С нами был другой прекраснейший профессор — Гуннар Хеннигсмоен из Осло, наверное единственный, кто мог бы соперничать с Уиттингтоном по благородству духа. Обладая неисчерпаемым добрым юмором, он председательствовал на наших ужинах. Я жил в палатке вдвоем с Дэвидом Брутоном, вторым англоговорящим участником экспедиции, который давным-давно уехал в Норвегию, выучил норвежский и говорил на нем с большим упоением, чем кто-либо другой. В порыве старомодного шовинизма мы решительно вывесили над нашей палаткой британский флаг, и он в течение следующих недель, хлопая под непогодами, рвался и истирался и в конце концов превратился в жалкую тряпку: вот вам и британское присутствие. Самым для меня неожиданным образом выяснилось, что я, как и любой иностранец, лишен возможности, сидя со всеми за столом, остроумно среагировать на реплики, ибо любые шутки непереводимы — они рождаются мгновенно и блекнут, если их повторить. И ты сидишь, нацепив на лицо слабую улыбку, в надежде показать, что чувство юмора тебе знакомо, хотя на самом деле не имеешь ни малейшего представления, над чем все смеются. (Надеешься, конечно, что не над тобой, а если и над тобой, то все равно будешь сидеть с той же глупой ухмылкой.) Кое-какие микроскопические частицы норвежского я впитал из окружающей звуковой ауры. Для меня самым удивительным лингвистическим открытием стала бедность норвежских ругательств. В действительности есть только… одно — farn, что означает просто «черт возьми!», но любой хорошо воспитанный викинг считает его очень скверным. Этим словом освящалось каждое наше экспедиционное несчастье. Если молоток ударял по пальцу, нужно было подскочить и воскликнуть: «Farn!» Если в море безвозвратно улетала превосходная окаменелость, нужно было зашипеть, а затем про себя пробормотать: «Farn!» Если ураган уносил всю провизию и вас гарантированно ожидала голодная смерть, бедный норвежец должен был взгромоздиться на валун и прокричать ветру: «Fa-a-m!» Порой, поверьте, случай требует несколько иных выражений.

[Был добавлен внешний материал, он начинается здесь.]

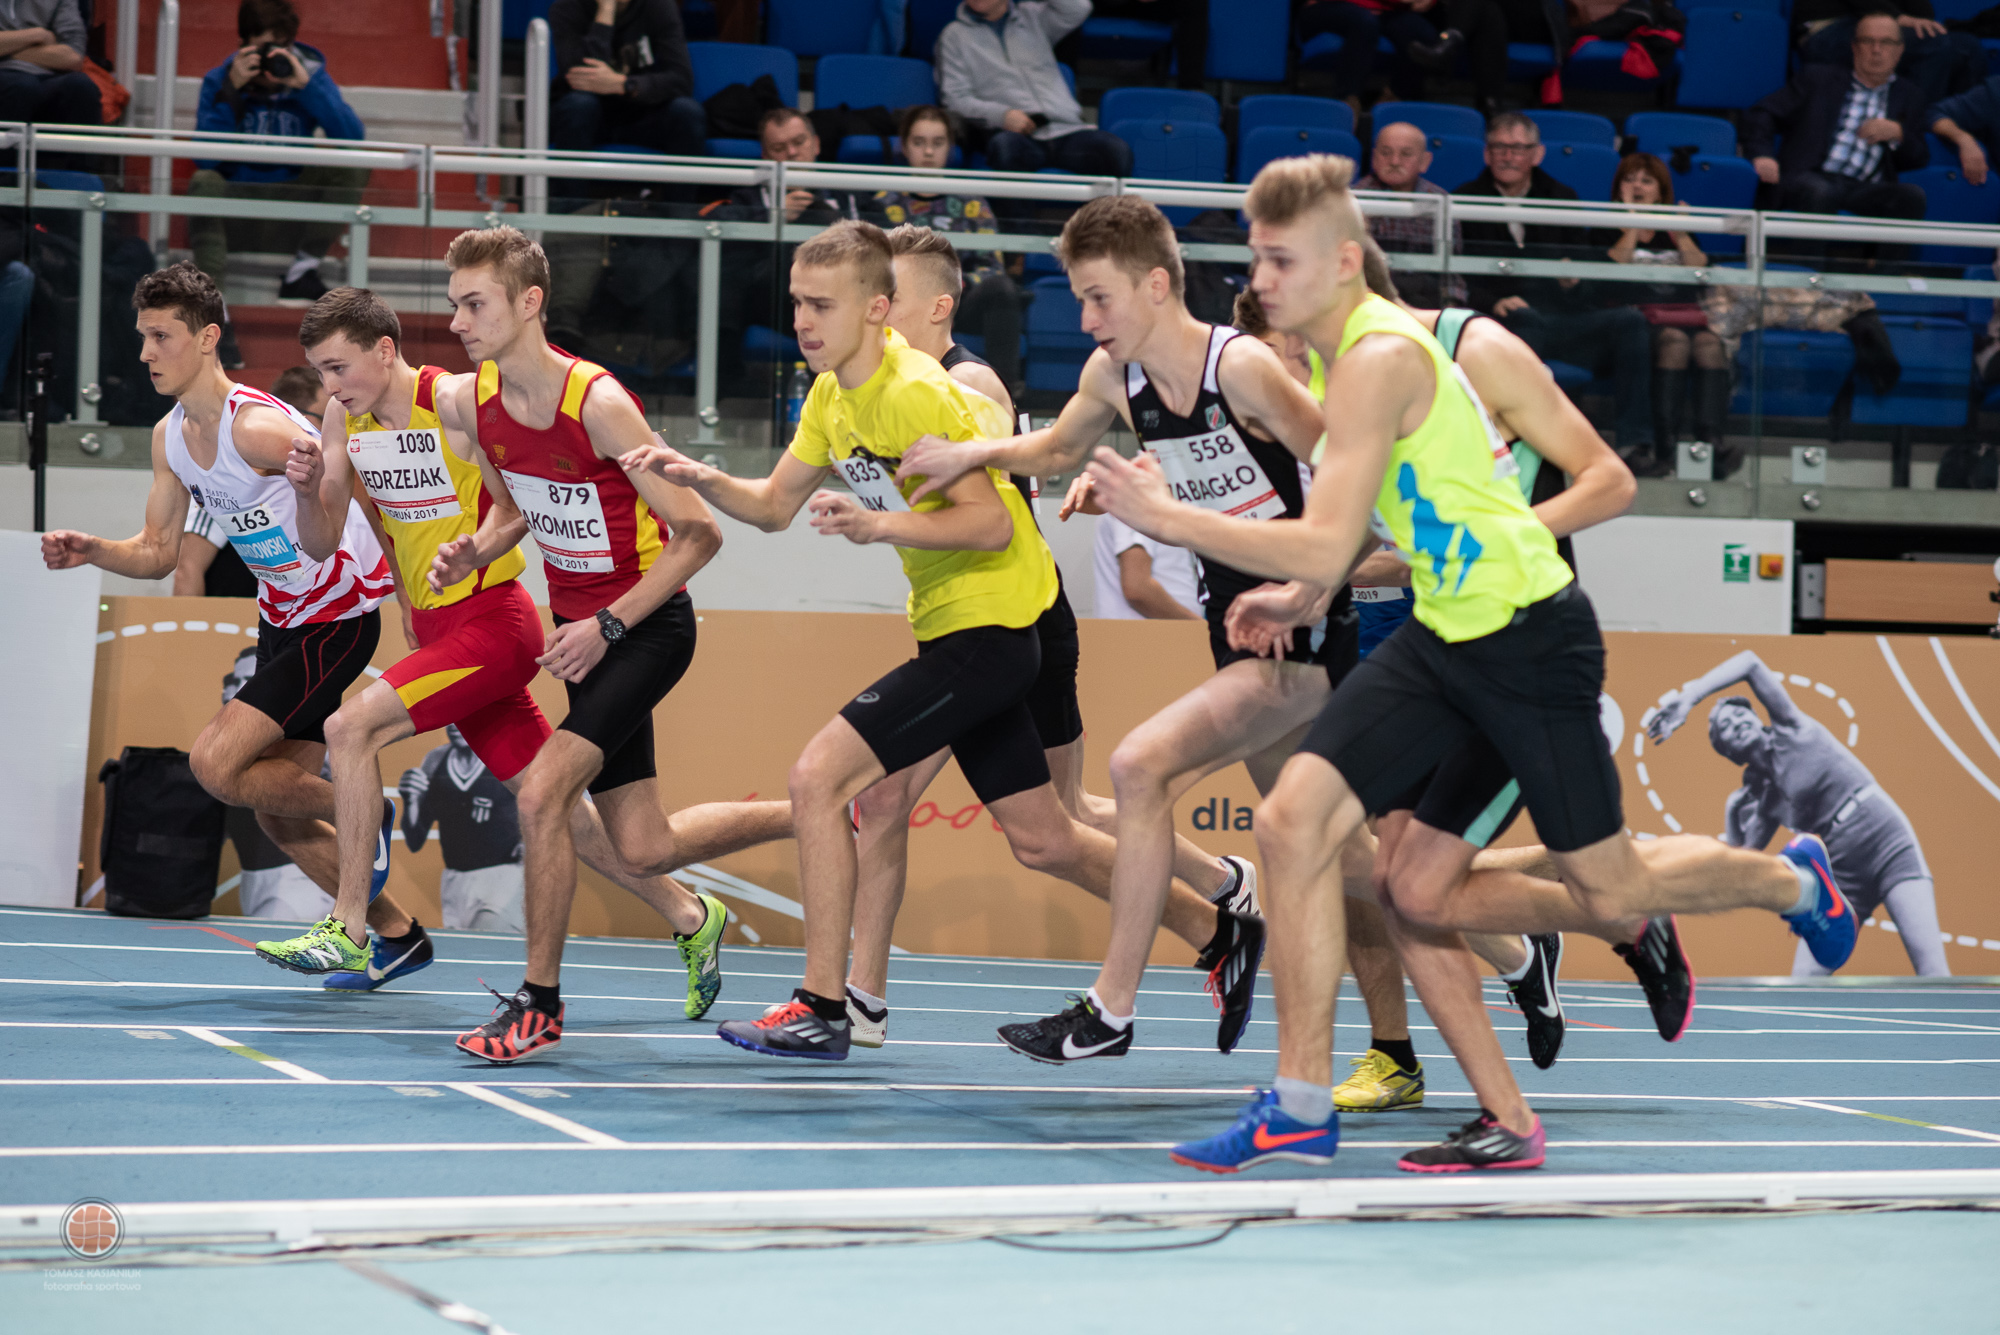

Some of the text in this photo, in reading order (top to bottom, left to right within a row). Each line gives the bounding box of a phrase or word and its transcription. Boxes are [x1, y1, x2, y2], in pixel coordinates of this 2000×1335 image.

Мы ящик за ящиком паковали образцы. И долго ли, коротко, но все они очутились дома, на моем столе, под микроскопом. В ожидании моего испытующего взора. Очень далек был мой личный кусочек истории (кусочек всего примерно в 10 млн. лет), когда слагались скалы, замуровавшие трилобитов. Но я мысленно мог свободно ориентироваться в тех временах, подобно знатоку Тюдоров или Стюартов, с легкостью перебирающего их историческое окружение. Мне удавалось соединить фрагменты трилобитов быстрее, чем кому бы то ни было: свободная щека к кранидию, кранидий к пигидию. Ну а встретить целый экземпляр — все равно, что найти коробку от пазла с картинкой. Вот тогда появлялась возможность проверить свои умозаключения — правильно ли соединились трилобитовые части. Я обнаружил замечательного трилобита, будто бы в очках для плаванья, и назвал его Opipeuter inconnivus, что означает «тот, кто неусыпно таращится». Название, очень подходящее ко мне самому. Постепенно у меня в голове сложился образ исчезнувшего ордовикского океана. Знаю, там было гораздо больше живности, чем на моем выцветшем пляже. В морях ордовика кипела богатая жизнь: не следует считать, что если океан древний, то и разнообразие там урезанное. На суше тогда и вправду жизнь была бедна, но вот в море обитали и медузы, и моллюски, и трилобиты, и черви разных пород. Были и грозные хищники, родственные современному перламутровому наутилусу. Колыхались подводные сады водорослей. Мелькали даже стайки небольших стройных созданий, внешне схожих с серебристыми рыбками. Палеонтолог не просто слышит отзвуки этого ископаемого мира, он воссоздает исчезнувший мир.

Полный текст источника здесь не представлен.